Ado Isah Gwanja (born 22 January 1991) is a Nigerian singer and actor in the Northern Nigerian film industry Kannywood. Gwanja is a well-known singer whose songs are very popular especially among women and youths in Northern Nigeria.

== Career ==
Gwanja first appeared in films in 2017, but spent a lot of time in the music industry before he started acting. Gwanja is often better known in music than in film. Gwanja specializes in his songs for women, he is invited to festivals where he sings his songs. He has named former Hausa singer Aminu Mai Dawayya as his mentor.

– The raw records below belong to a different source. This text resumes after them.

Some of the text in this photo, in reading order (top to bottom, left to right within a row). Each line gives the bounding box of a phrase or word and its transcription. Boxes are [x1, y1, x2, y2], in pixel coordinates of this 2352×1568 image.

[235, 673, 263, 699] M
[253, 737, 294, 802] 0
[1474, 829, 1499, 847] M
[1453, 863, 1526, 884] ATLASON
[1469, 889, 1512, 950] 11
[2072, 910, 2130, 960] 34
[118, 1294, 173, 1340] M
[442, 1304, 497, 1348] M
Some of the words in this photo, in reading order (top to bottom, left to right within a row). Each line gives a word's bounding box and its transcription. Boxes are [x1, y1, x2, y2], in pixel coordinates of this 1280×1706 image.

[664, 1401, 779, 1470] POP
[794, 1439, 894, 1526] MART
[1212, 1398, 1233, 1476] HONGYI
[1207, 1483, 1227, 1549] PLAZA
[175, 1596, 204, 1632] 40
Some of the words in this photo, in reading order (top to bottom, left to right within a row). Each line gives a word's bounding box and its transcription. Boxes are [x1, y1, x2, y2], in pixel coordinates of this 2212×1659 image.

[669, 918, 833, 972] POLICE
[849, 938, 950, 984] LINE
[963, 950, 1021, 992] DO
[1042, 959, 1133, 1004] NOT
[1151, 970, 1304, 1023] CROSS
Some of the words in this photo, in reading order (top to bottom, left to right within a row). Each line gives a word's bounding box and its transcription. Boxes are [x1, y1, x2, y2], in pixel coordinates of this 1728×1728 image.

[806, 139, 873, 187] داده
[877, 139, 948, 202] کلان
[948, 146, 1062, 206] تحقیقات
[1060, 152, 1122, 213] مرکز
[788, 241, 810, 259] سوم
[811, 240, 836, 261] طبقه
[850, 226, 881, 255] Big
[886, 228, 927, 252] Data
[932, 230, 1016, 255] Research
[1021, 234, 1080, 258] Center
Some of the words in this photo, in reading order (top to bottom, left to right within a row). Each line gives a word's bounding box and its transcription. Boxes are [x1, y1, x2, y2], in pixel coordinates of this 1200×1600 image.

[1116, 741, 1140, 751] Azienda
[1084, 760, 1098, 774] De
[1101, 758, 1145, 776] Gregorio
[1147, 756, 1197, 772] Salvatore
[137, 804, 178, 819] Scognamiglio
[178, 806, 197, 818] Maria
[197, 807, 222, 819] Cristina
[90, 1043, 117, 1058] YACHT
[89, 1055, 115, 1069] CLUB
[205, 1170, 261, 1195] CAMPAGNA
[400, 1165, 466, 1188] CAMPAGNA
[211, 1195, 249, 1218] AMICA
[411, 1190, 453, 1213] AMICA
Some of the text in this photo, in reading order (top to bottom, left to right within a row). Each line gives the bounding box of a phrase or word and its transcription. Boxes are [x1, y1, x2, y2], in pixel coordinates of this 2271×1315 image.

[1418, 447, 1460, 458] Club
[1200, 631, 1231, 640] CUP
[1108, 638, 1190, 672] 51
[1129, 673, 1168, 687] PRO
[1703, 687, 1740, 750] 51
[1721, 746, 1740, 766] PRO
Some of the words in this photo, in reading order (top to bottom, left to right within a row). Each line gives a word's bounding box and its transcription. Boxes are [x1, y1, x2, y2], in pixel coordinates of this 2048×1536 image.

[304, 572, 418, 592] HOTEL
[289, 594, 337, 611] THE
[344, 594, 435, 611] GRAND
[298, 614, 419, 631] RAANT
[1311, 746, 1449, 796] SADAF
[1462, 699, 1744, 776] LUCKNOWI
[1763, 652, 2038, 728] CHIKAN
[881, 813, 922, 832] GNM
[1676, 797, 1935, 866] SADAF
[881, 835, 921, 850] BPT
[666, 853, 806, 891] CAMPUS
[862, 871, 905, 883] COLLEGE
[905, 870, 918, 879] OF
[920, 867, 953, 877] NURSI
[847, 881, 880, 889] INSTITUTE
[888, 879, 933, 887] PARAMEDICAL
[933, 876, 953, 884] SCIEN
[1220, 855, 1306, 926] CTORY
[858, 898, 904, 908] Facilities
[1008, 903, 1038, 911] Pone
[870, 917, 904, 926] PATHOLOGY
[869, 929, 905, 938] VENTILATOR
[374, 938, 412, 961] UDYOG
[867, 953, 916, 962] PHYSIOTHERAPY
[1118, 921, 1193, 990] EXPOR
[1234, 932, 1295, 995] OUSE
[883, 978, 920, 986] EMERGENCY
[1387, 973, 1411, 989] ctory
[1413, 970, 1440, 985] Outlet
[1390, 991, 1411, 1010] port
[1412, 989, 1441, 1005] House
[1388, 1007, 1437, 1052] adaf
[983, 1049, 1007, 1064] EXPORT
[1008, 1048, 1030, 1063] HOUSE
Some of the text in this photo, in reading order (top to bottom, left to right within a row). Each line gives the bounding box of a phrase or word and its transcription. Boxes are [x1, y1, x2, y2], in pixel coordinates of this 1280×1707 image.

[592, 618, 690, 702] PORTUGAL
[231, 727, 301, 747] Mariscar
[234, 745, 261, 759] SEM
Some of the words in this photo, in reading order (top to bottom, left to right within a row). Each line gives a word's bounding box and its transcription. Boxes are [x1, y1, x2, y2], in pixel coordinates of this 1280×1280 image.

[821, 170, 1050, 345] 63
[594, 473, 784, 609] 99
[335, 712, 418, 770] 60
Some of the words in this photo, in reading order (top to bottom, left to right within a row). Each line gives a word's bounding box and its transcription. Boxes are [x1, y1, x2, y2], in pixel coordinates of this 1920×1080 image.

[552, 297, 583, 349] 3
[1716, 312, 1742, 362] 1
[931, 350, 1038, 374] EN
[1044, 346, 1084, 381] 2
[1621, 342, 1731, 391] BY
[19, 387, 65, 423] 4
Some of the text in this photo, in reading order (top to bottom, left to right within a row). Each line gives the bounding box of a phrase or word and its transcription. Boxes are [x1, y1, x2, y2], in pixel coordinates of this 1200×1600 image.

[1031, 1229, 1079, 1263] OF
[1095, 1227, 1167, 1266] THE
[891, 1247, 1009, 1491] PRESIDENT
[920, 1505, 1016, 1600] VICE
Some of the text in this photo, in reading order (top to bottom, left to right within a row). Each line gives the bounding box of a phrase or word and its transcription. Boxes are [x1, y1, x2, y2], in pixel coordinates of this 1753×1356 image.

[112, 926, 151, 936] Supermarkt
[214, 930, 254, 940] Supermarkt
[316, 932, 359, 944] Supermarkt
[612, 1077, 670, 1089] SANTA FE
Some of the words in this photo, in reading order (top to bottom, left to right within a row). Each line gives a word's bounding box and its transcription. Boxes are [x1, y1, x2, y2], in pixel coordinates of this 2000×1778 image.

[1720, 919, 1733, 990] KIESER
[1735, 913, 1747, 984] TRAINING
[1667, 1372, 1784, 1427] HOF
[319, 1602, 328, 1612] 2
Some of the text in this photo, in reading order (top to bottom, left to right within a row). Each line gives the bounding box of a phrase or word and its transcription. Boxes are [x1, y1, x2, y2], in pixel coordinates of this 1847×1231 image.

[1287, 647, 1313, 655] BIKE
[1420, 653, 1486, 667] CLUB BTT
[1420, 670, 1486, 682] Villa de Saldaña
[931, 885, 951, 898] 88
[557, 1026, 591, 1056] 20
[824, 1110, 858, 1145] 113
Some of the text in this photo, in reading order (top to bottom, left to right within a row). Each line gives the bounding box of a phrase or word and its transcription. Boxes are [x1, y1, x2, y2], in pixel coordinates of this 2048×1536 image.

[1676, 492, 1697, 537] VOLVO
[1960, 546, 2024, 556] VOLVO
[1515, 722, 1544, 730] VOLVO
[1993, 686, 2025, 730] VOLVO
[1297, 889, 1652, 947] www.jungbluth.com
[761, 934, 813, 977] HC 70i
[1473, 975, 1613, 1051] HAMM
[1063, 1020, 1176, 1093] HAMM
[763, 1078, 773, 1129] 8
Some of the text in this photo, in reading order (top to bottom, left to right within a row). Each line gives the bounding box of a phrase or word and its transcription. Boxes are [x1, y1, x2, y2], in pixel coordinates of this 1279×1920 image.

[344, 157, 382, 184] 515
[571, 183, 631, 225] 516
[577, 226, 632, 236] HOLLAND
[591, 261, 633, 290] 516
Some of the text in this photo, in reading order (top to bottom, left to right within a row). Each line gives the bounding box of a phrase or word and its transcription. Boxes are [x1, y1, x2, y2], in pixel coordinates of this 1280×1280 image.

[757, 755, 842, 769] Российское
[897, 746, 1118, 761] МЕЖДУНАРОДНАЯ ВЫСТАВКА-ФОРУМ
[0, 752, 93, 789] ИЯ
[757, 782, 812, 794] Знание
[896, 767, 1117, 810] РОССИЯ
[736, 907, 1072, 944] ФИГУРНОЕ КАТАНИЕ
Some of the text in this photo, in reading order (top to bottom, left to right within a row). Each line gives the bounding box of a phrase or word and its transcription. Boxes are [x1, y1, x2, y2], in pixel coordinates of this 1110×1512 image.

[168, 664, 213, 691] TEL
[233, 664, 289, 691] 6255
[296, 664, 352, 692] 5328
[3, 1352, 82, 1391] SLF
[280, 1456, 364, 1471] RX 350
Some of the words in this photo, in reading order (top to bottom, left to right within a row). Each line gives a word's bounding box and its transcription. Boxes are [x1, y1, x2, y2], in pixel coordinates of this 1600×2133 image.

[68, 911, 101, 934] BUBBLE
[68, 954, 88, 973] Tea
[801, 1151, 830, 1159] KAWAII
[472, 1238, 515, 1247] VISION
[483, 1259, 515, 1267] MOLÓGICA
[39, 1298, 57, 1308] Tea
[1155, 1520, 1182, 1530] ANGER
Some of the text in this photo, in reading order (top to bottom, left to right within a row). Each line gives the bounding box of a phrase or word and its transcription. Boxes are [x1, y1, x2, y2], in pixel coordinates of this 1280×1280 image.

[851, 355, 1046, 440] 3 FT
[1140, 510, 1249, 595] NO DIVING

Some of Gwanja's most popular songs are Kujerar Tsakar Gida, Mamar-Mamar, Ɗakin Baƙuwa, Asha Rawa-rawa, Kilu ta Ja Bau, Kidan Mata, Warr, Chass, Luwai, etc.

== Albums ==
These are the Gwanja's albums;

| Film | Year |
|---|---|
| Kujerar Tsakar Gida | 2014 |
| Indosa | 2017 |
| Matan Arewa | 2016 |
| Juya | 2018 |
| Ga Gwanja | 2017 |
| Tangaran | 2021 |
| Adama | 2021 |

== Filmography ==
Indosa (2017)

Matan Arewa (2016)

Juya (2018)

Tangaran (2021)

Adama (2021)

== Awards==
Gwanja has received numerous awards from individuals and organisations. Among the major awards received by Gwanja was the award given by Nigerian first lady Aisha Buhari. Other awards includes;

| Year | Award | Category | Result |
|---|---|---|---|
| 2019 | Get Kano Award | Best Actor | Won |
| 2018 | Sani Abacha Youth Center Award | Best Actor award | Won |
| 2018 | National Association of Nigerian Students (NANS) | Best Women's Singer of the year | Won |
| 2019 | RS Fans Entertainment | Best Musician of the year b | Won |
| 2018 | Best Hausa Artists | Rhymes Pillars Crew. | Won |

== Personal life==
Ado Gwanja's Father is a Hausa man from Kano and his mother is from Shuwa Arabia Ethnicity from Borno State. Gwanja is a Muslim, he is married with one daughter.